## Problem details:
Output the whole listing exactly, except for the pictures in it.

## Given entries:

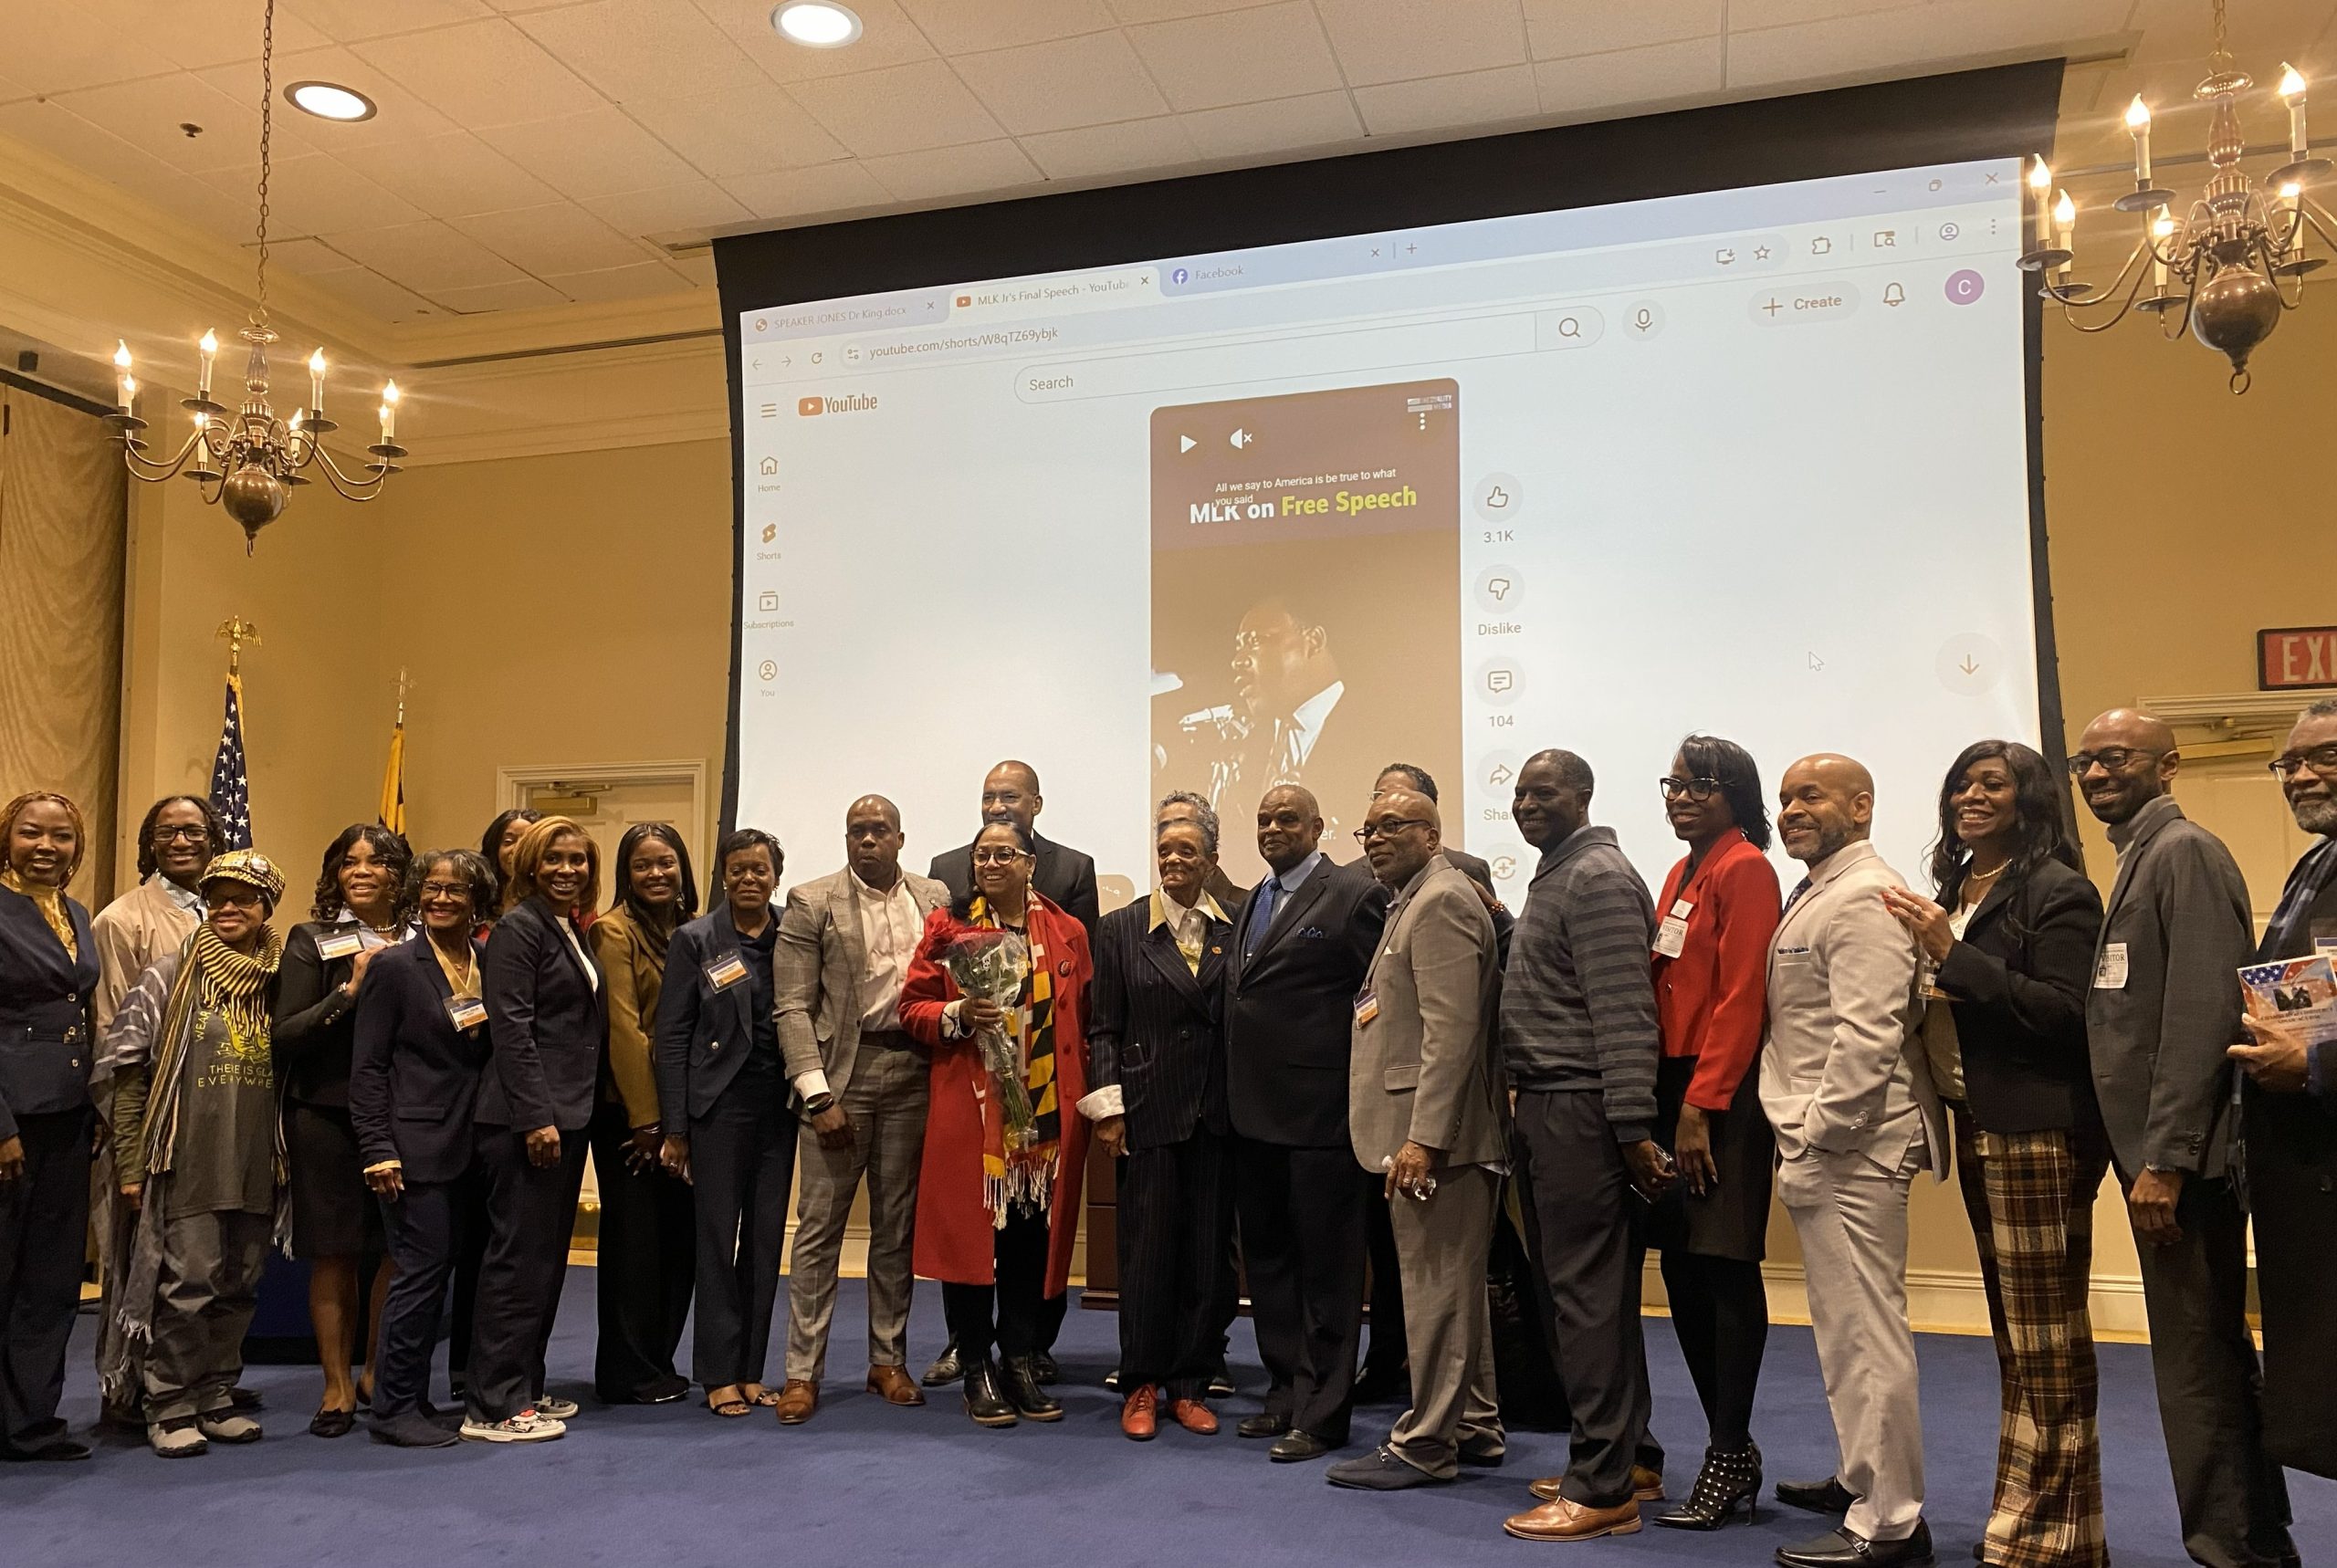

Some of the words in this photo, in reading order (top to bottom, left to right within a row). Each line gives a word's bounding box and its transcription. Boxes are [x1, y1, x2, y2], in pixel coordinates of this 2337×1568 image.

[1194, 265, 1244, 280] Facebook
[1957, 279, 1972, 296] C
[978, 294, 999, 306] MLK
[1001, 291, 1016, 303] Jr's
[1019, 288, 1042, 300] Final
[1043, 285, 1079, 299] Speech
[1793, 294, 1842, 310] Create
[774, 316, 814, 329] SPEAKER
[816, 311, 846, 325] JONES
[848, 310, 859, 320] Dr
[861, 306, 907, 319] King.docx
[1029, 375, 1074, 392] Search
[824, 392, 878, 413] YouTube
[1215, 482, 1228, 493] All
[1229, 483, 1243, 492] we
[1244, 481, 1261, 492] say
[1263, 479, 1273, 489] to
[1273, 476, 1313, 488] America
[1315, 475, 1324, 485] is
[1326, 474, 1337, 484] be
[1339, 472, 1358, 482] true
[1360, 471, 1371, 480] to
[1372, 468, 1397, 479] what
[757, 483, 781, 494] Home
[1189, 502, 1242, 524] MLK
[1247, 502, 1274, 519] on
[1282, 496, 1329, 517] Free
[1336, 486, 1417, 517] Speech
[1215, 497, 1232, 509] you
[1233, 494, 1253, 505] said
[1483, 529, 1514, 543] 3.1K
[756, 550, 782, 561] Shorts
[743, 619, 794, 631] Subscriptions
[1477, 622, 1522, 636] Dislike
[2281, 634, 2337, 682] EXI
[760, 688, 776, 698] You
[1489, 715, 1514, 728] 104
[1483, 808, 1514, 821] Shar
[194, 1010, 212, 1043] WEAR
[243, 1065, 254, 1075] IS
[256, 1066, 274, 1077] GLA
[197, 1074, 274, 1090] EVERYWHE
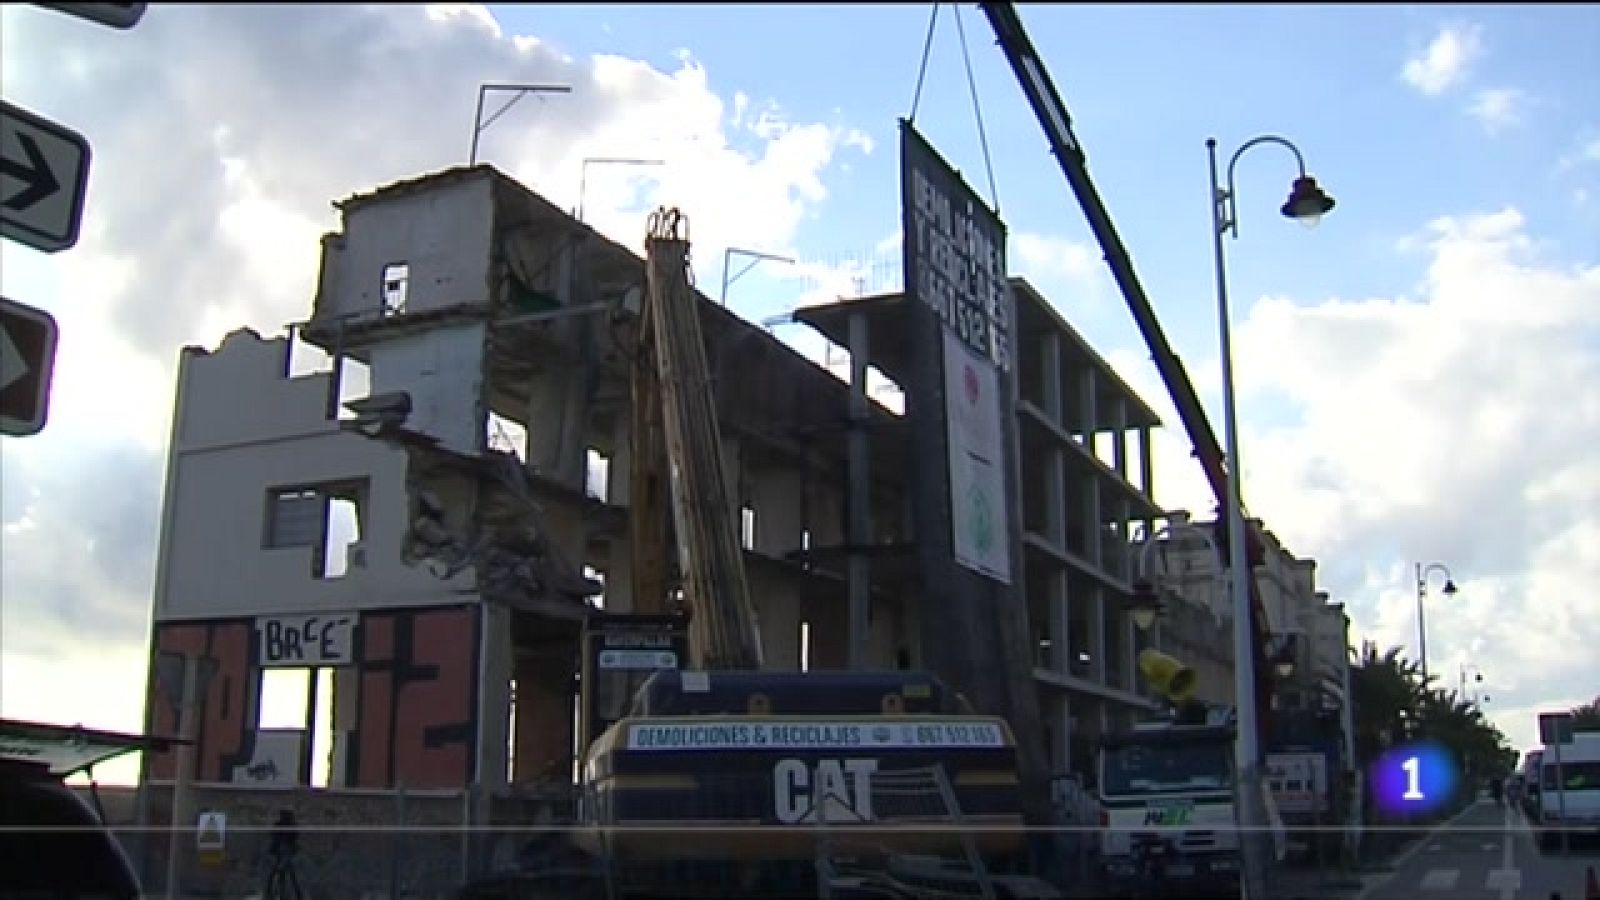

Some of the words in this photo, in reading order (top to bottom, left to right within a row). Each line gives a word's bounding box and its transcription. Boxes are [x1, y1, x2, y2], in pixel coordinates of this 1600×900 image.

[636, 725, 749, 746] DEMOLICIONES
[753, 725, 767, 743] &
[771, 724, 861, 745] RECICLAJES
[774, 758, 879, 824] CAT

## Finished task:
Some of the words in this photo, in reading order (top to bottom, left to right within a row). Each line gives a word's bounding box and its transcription. Boxes are [x1, y1, x2, y2], in pixel coordinates of this 2337×1568 image.

[1194, 265, 1244, 280] Facebook
[1957, 279, 1972, 296] C
[978, 294, 999, 306] MLK
[1001, 291, 1016, 303] Jr's
[1019, 288, 1042, 300] Final
[1043, 285, 1079, 299] Speech
[1793, 294, 1842, 310] Create
[774, 316, 814, 329] SPEAKER
[816, 311, 846, 325] JONES
[848, 310, 859, 320] Dr
[861, 306, 907, 319] King.docx
[1029, 375, 1074, 392] Search
[824, 392, 878, 413] YouTube
[1215, 482, 1228, 493] All
[1229, 483, 1243, 492] we
[1244, 481, 1261, 492] say
[1263, 479, 1273, 489] to
[1273, 476, 1313, 488] America
[1315, 475, 1324, 485] is
[1326, 474, 1337, 484] be
[1339, 472, 1358, 482] true
[1360, 471, 1371, 480] to
[1372, 468, 1397, 479] what
[757, 483, 781, 494] Home
[1189, 502, 1242, 524] MLK
[1247, 502, 1274, 519] on
[1282, 496, 1329, 517] Free
[1336, 486, 1417, 517] Speech
[1215, 497, 1232, 509] you
[1233, 494, 1253, 505] said
[1483, 529, 1514, 543] 3.1K
[756, 550, 782, 561] Shorts
[743, 619, 794, 631] Subscriptions
[1477, 622, 1522, 636] Dislike
[2281, 634, 2337, 682] EXI
[760, 688, 776, 698] You
[1489, 715, 1514, 728] 104
[1483, 808, 1514, 821] Shar
[194, 1010, 212, 1043] WEAR
[243, 1065, 254, 1075] IS
[256, 1066, 274, 1077] GLA
[197, 1074, 274, 1090] EVERYWHE

Some of the words in this photo, in reading order (top to bottom, left to right within a row). Each line gives a word's bounding box and its transcription. Boxes are [x1, y1, x2, y2], in pixel coordinates of this 1600×900 image.

[636, 725, 749, 746] DEMOLICIONES
[753, 725, 767, 743] &
[771, 724, 861, 745] RECICLAJES
[774, 758, 879, 824] CAT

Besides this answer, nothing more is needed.